Is it possible to install windows xp onto an external HD then boot off
it? It you cant directly, then how about booting from a floppy which
can then tell the system to goto external hd and load windows???

Please tell as i dont wanna waste my money buying the drive and find
out i cant cheers!

If your system does not have a BIOS option to boot from a USB or
Firewire drive then you won't be able to boot XP off of one. If the
drive is supported in the BIOS and can be accessed from DOS without a
driver then it _might_ be possible to make a boot diskette that
transfers control to the external disk but I've not heard of that ever
being done with XP.

In other words whether this can be done depends on the particular
capabilities of the machine that you are using, but in general you're
not going to find the capability to boot from USB or Firewire on any but
the newest hardware and you're going to find it on precious little of
that.
 
A

Andre

Is it possible to install windows xp onto an external HD then boot off it?
It you cant directly, then how about booting from a floppy which can then
tell the system to goto external hd and load windows???

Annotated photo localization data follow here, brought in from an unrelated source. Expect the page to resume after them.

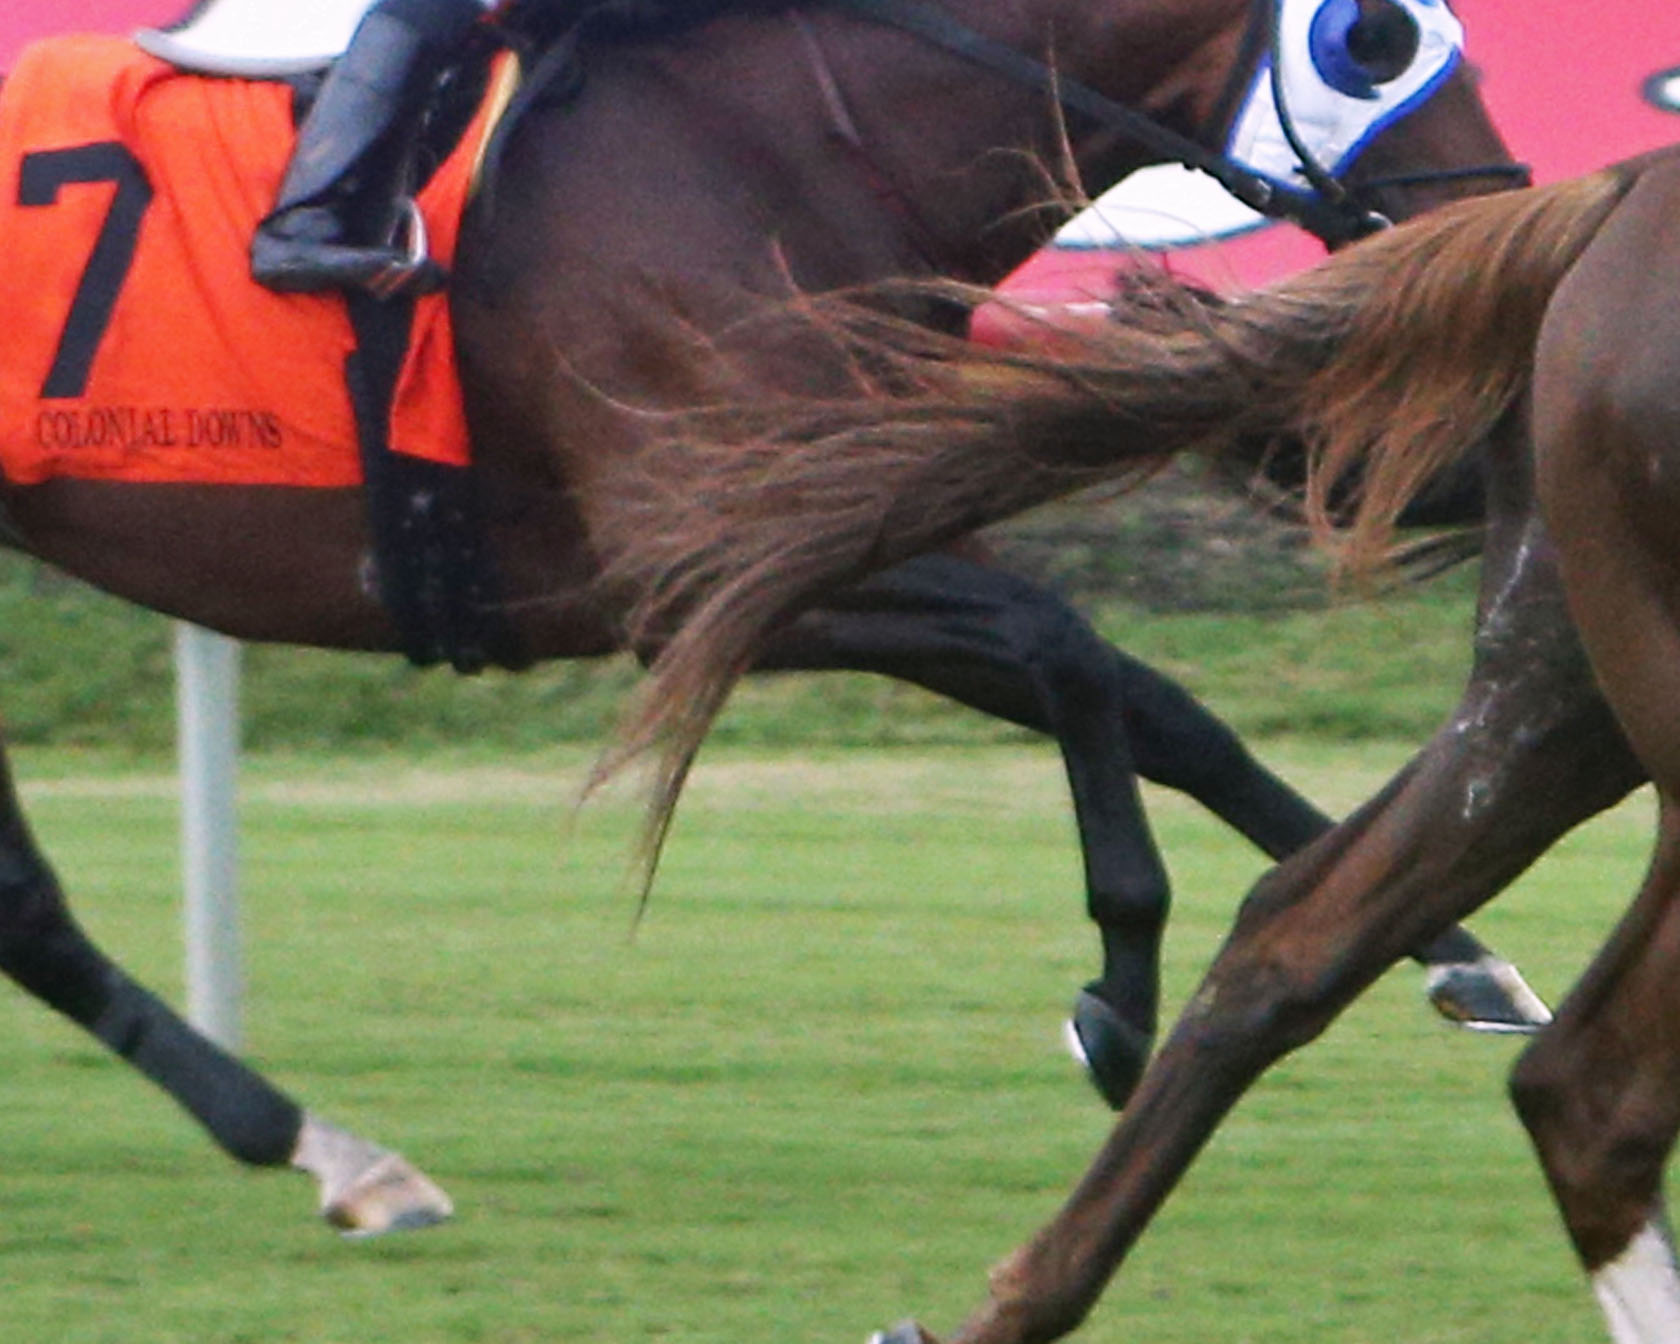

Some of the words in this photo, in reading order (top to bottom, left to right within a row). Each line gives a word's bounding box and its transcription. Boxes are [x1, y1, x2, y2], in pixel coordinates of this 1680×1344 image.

[17, 141, 154, 399] 7
[37, 406, 177, 448] COLONIAL
[186, 408, 283, 449] DOWNS
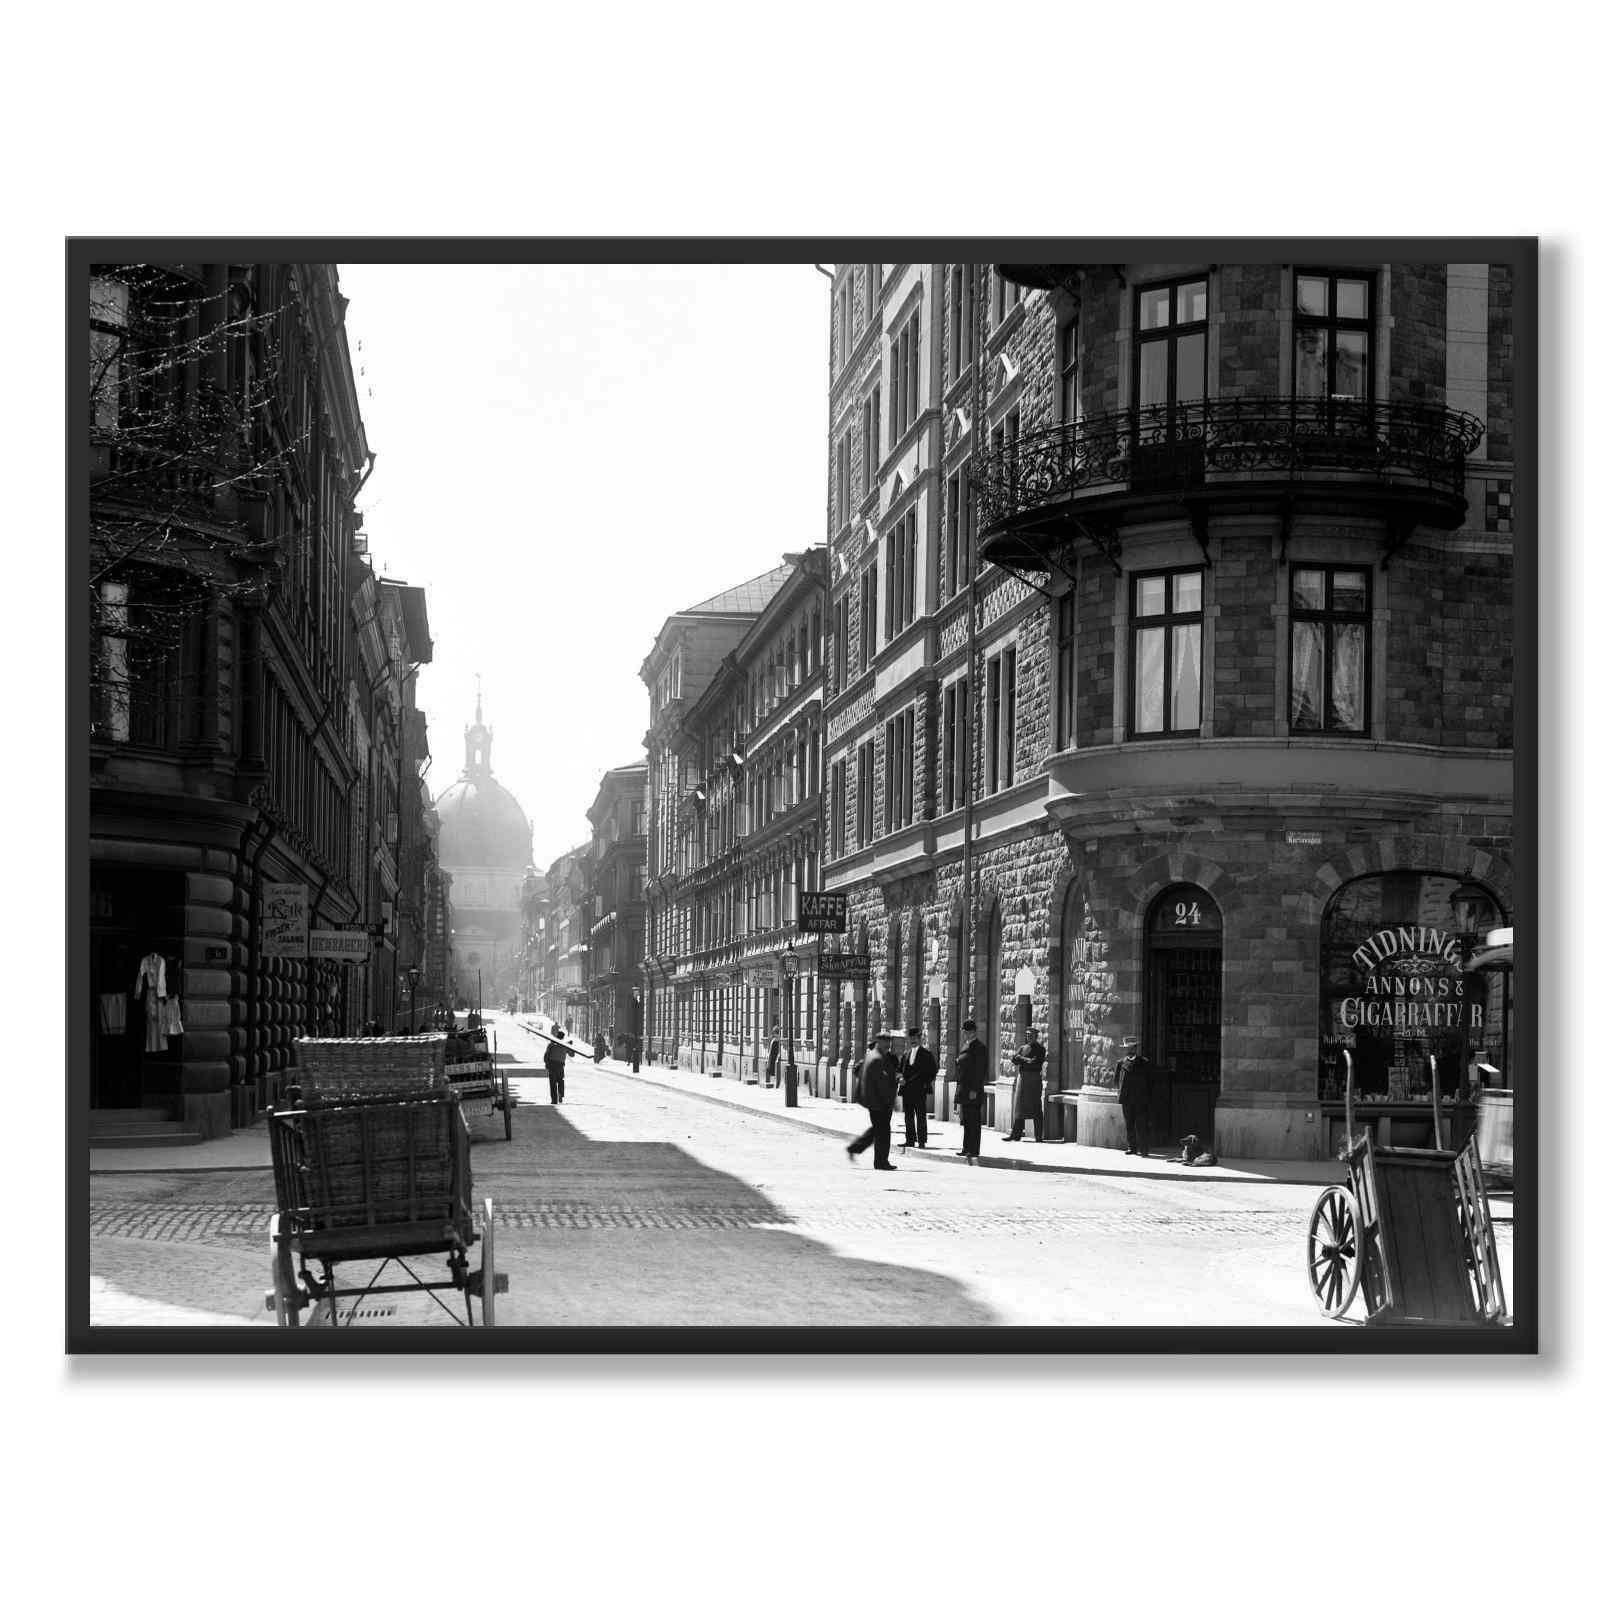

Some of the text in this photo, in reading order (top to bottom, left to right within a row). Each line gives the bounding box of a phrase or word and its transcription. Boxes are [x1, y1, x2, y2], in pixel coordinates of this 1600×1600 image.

[802, 895, 845, 916] KAFFE
[1175, 902, 1201, 925] 24
[1365, 976, 1450, 996] ANNONS
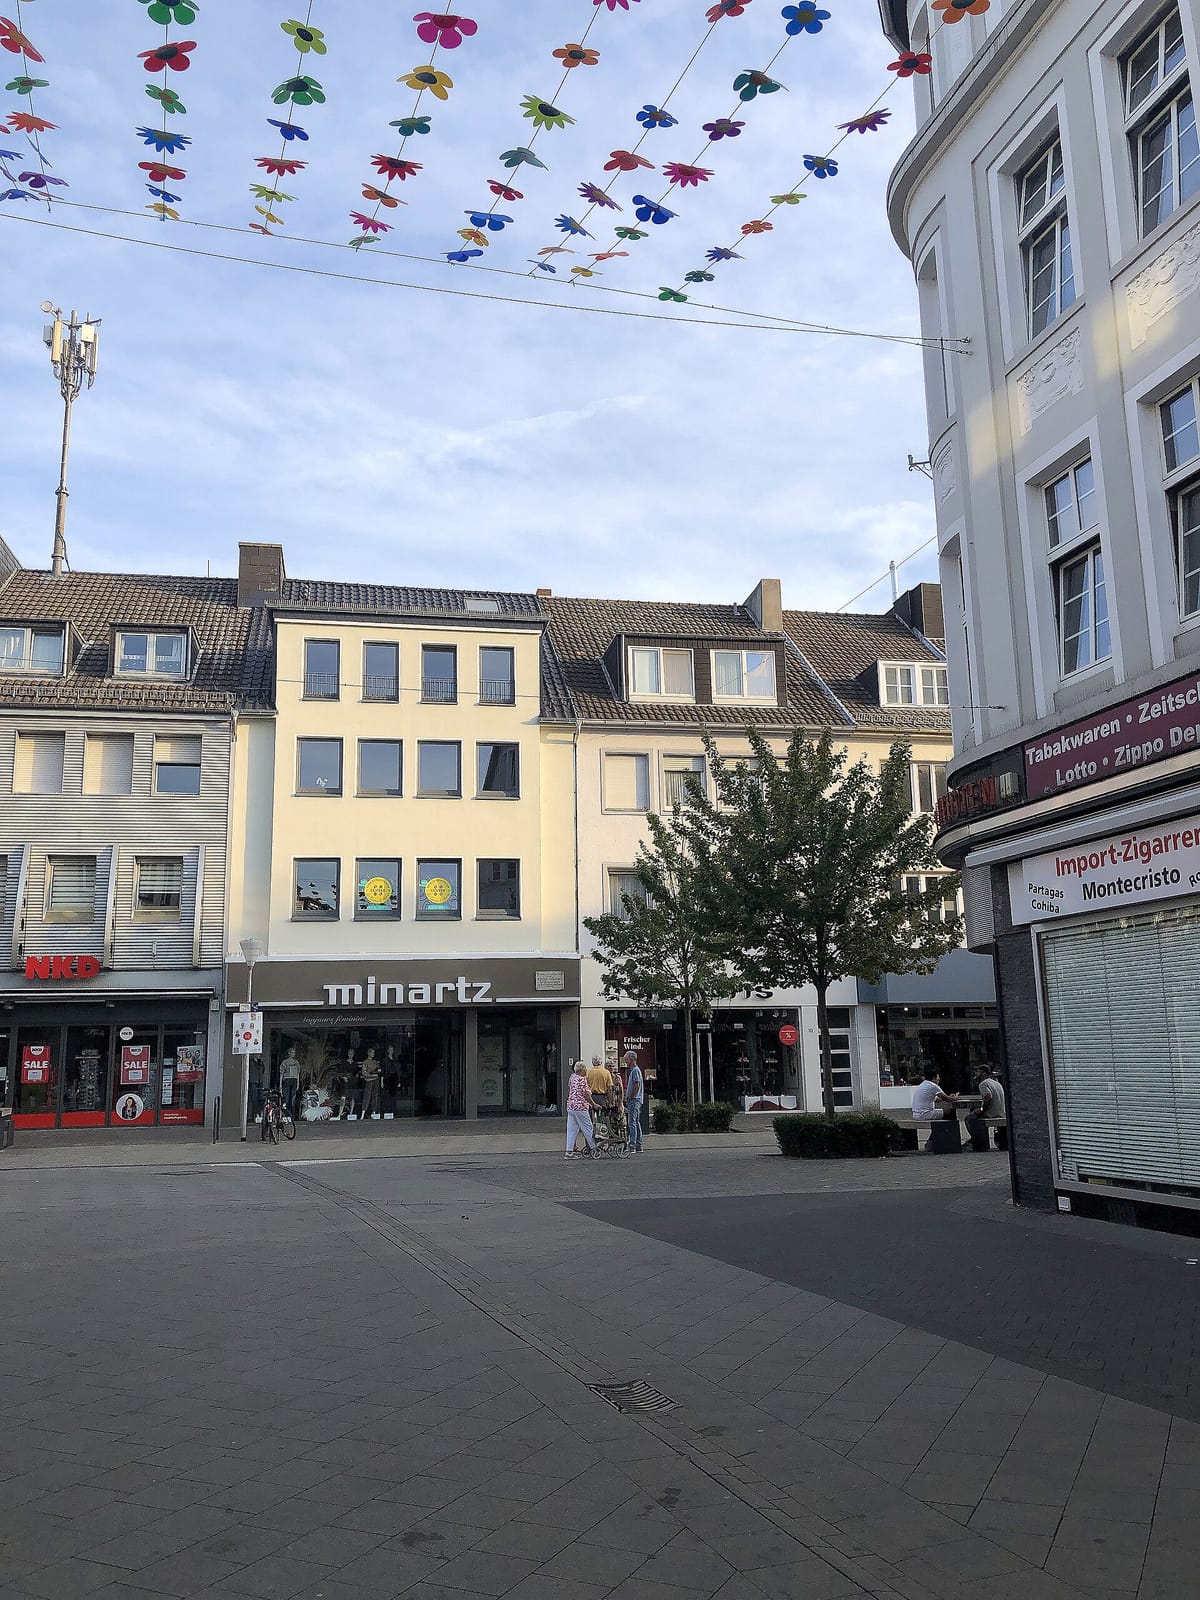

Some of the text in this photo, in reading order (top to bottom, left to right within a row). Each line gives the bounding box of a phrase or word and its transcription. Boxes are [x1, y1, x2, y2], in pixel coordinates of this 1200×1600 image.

[1026, 718, 1121, 765] Tabakwaren
[1056, 760, 1097, 786] Lotto
[1114, 737, 1164, 766] Zippo
[1028, 883, 1064, 899] Partagas
[1082, 867, 1180, 900] Montecristo
[1031, 899, 1060, 913] Cohiba
[25, 956, 100, 979] NKD
[323, 976, 492, 1005] minartz
[23, 1060, 49, 1069] SALE
[123, 1060, 148, 1069] SALE

Please tell as i dont wanna waste my money buying the drive and find out i
cant cheers!
 
A

Alexander Grigoriev

It was told in MS newsgroups by MS folks, boot device driver requires
special code to support switch from BIOS to the driver and to support paging
file/hiberfile operations, but neither USB nor IEEE1394 drivers contain it.
External SATA drive may work, though.
 
A

Alexander Grigoriev

One more clarification: as long as an OS doesn't grab USB controller from
legacy-emulation BIOS, it will work. MSDOS is likely to boot, and possibly
Windows 95, but nothing more.

Alexander Grigoriev said:
It was told in MS newsgroups by MS folks, boot device driver requires
special code to support switch from BIOS to the driver and to support paging
file/hiberfile operations, but neither USB nor IEEE1394 drivers contain it.
External SATA drive may work, though.
 
F

Folkert Rienstra

Alexander Grigoriev said:
One more clarification:

Bwah, you shouldn't have done that!
as long as an OS doesn't grab USB controller from legacy-emulation BIOS, it
will work. MSDOS is likely to boot, and possibly Windows 95, but nothing more.

I thought I understood your previous explanation, now I
haven't got a clue what you were actually talking about.
Are you hinting at MS-DOS compatibility mode?